* **What this task involves**: Take the listing below and output it exactly, with no images.

● ● ● ●

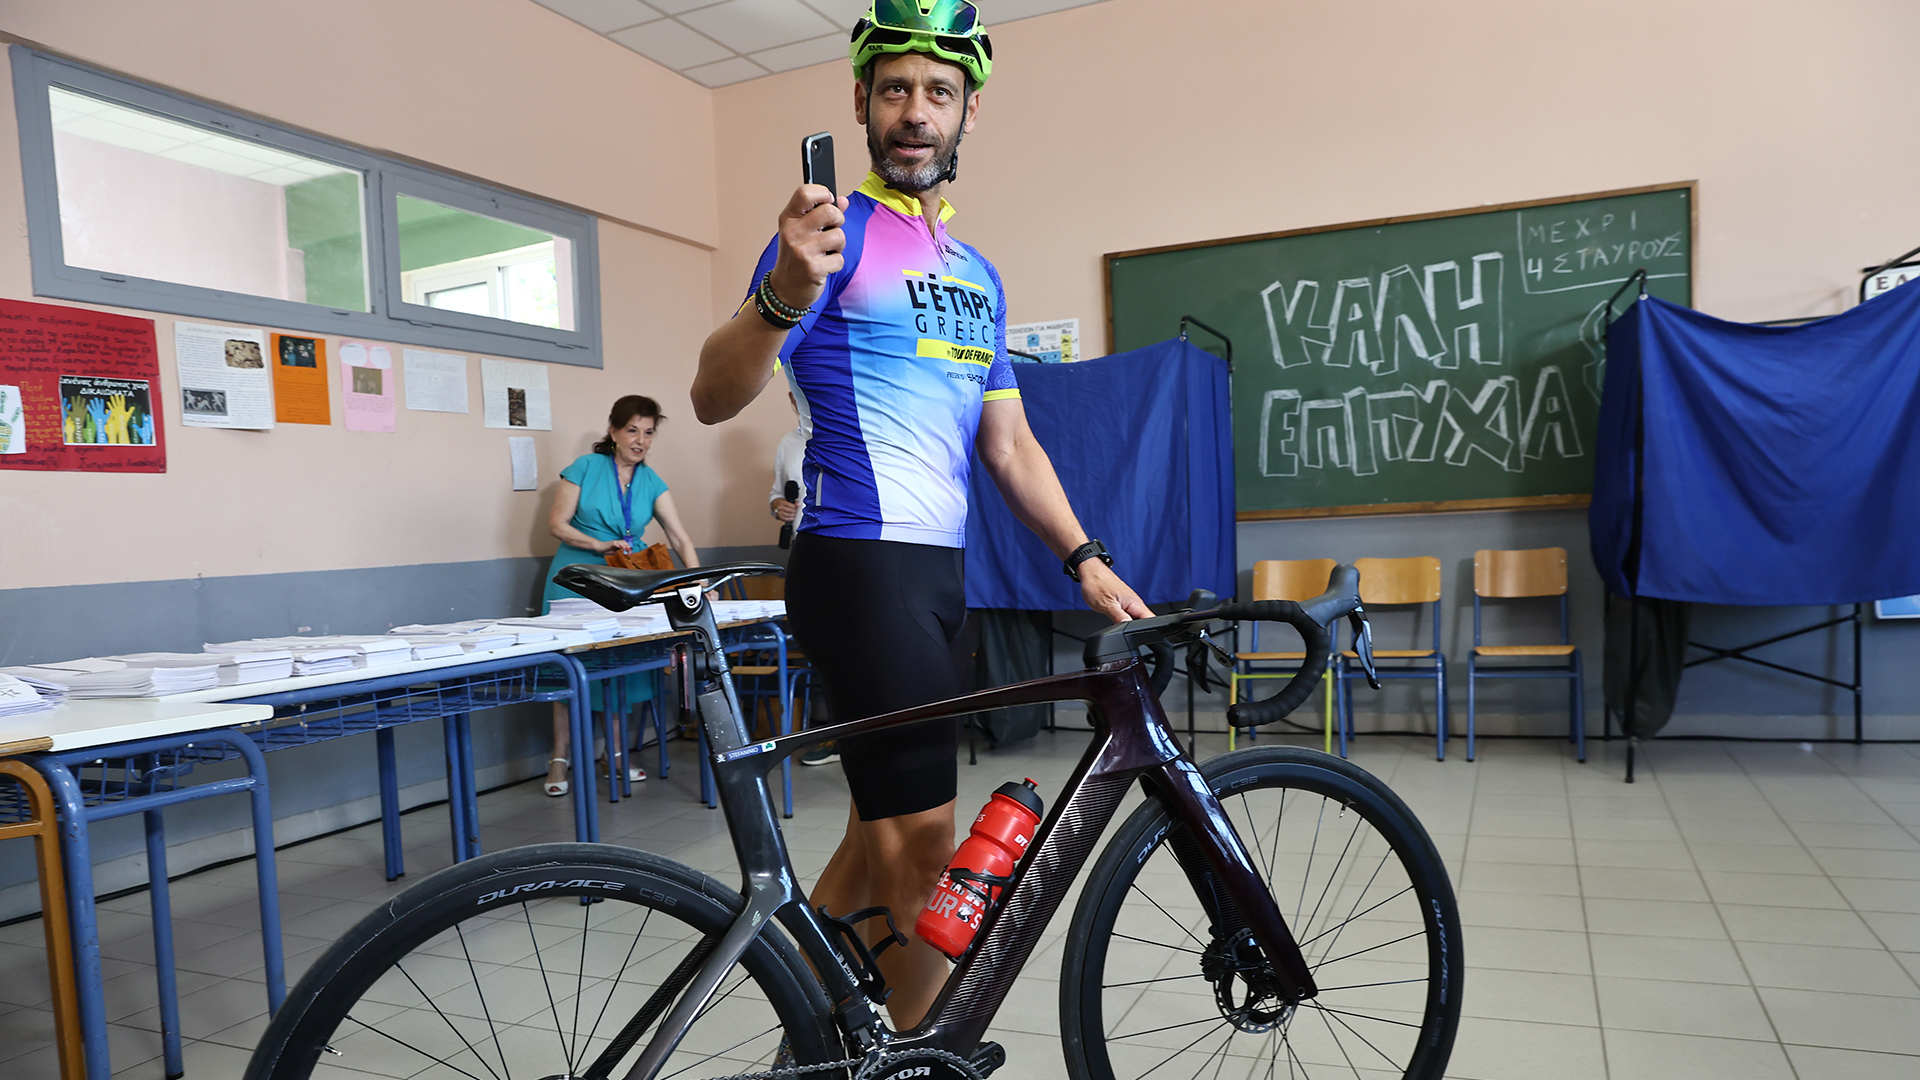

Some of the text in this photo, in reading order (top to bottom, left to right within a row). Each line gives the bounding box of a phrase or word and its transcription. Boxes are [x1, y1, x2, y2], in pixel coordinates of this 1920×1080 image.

[1527, 210, 1637, 244] ΜΕΧΡΙ
[1527, 232, 1684, 281] 4 ΣΤΑΥΡΟΥΣ
[1260, 252, 1504, 376] ΚΑΛΗ
[1259, 365, 1584, 478] ΕΠΙΤΥΧΙΑ
[476, 879, 626, 905] DURA-ACE

● ● ● ●

* **Your response**:
Some of the text in this photo, in reading order (top to bottom, left to right within a row). Each line gives the bounding box of a phrase or word and its transcription. Boxes are [x1, y1, x2, y2], in pixel coordinates of this 1920×1080 image.

[1527, 210, 1637, 244] ΜΕΧΡΙ
[1527, 232, 1684, 281] 4 ΣΤΑΥΡΟΥΣ
[1260, 252, 1504, 376] ΚΑΛΗ
[1259, 365, 1584, 478] ΕΠΙΤΥΧΙΑ
[476, 879, 626, 905] DURA-ACE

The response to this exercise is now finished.